Input for this task:
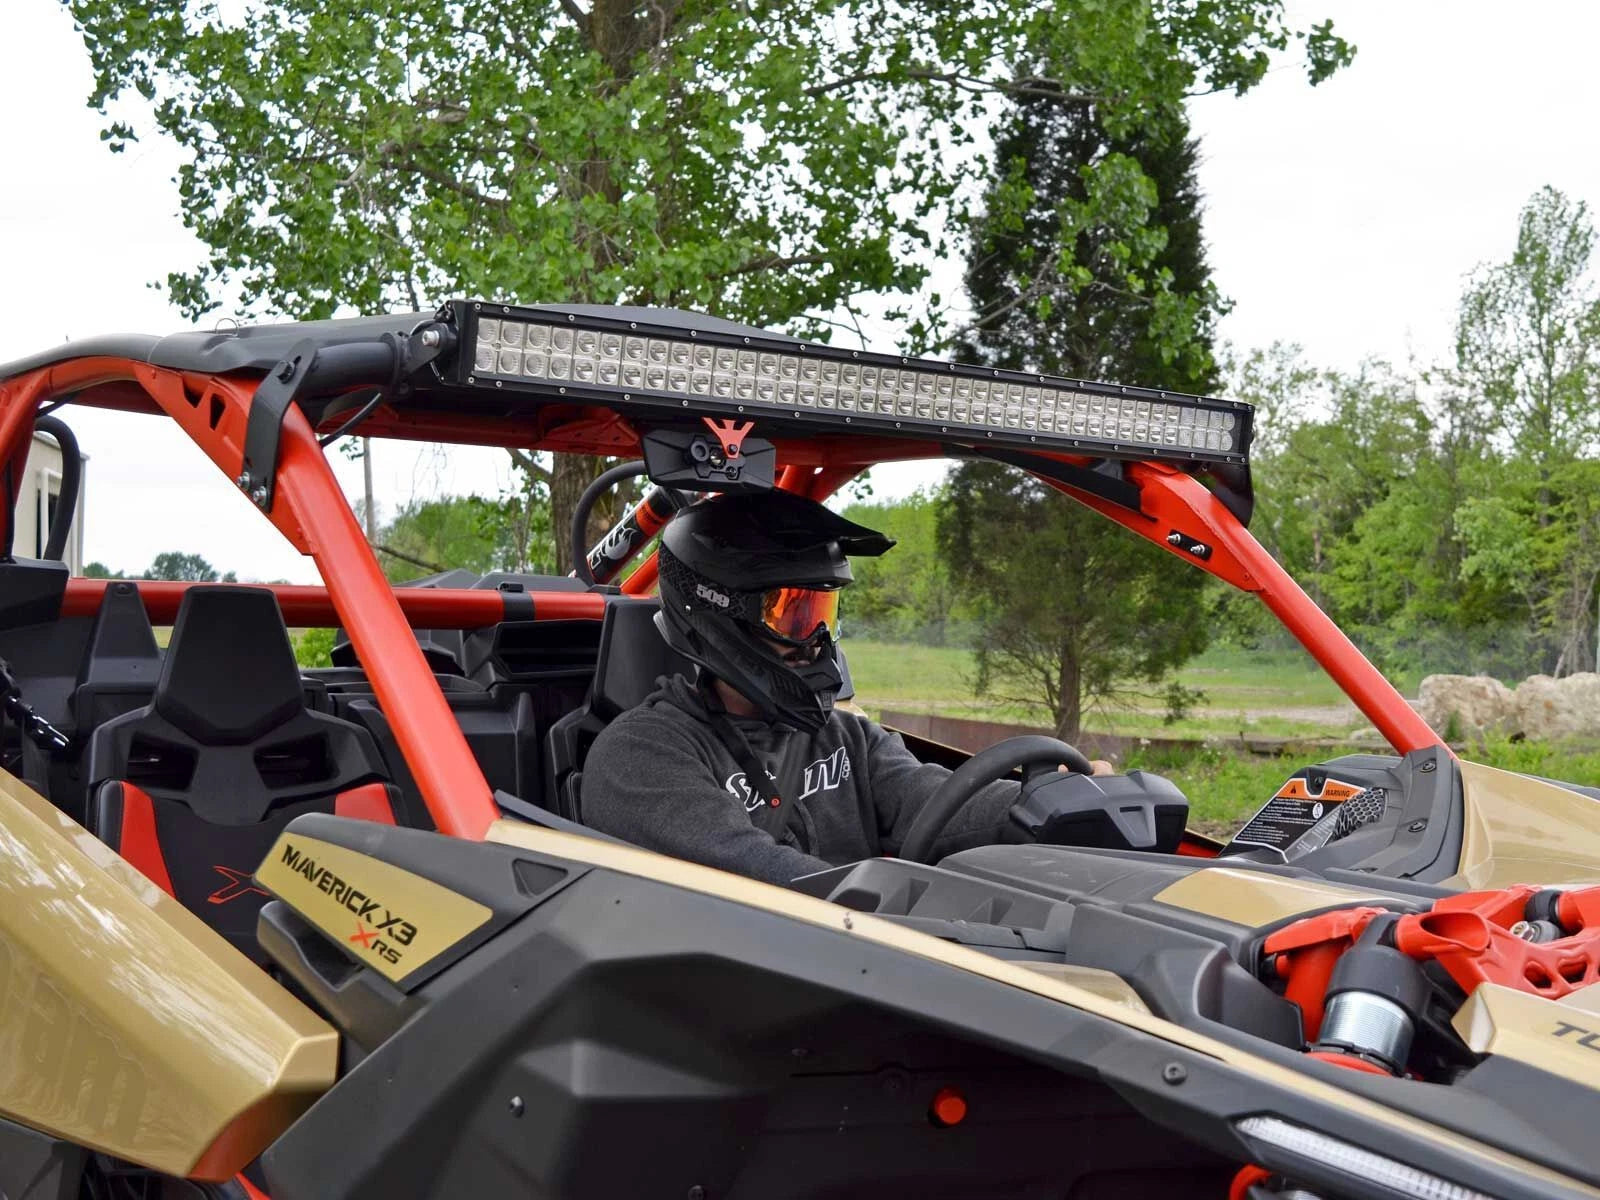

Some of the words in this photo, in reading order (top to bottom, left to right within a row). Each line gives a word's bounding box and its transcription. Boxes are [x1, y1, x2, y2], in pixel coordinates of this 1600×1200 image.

[696, 583, 730, 608] 509
[1325, 789, 1350, 798] WARNING
[281, 844, 380, 924] MAVERICK
[376, 910, 417, 946] X3

Work instructions: With pictures excluded, the data must be transcribed in full and to the letter.

Your response:
Some of the words in this photo, in reading order (top to bottom, left to right within a row). Each line gives a word's bounding box and its transcription. Boxes are [x1, y1, x2, y2], in pixel coordinates of this 1600×1200 image.

[696, 583, 730, 608] 509
[1325, 789, 1350, 798] WARNING
[281, 844, 380, 924] MAVERICK
[376, 910, 417, 946] X3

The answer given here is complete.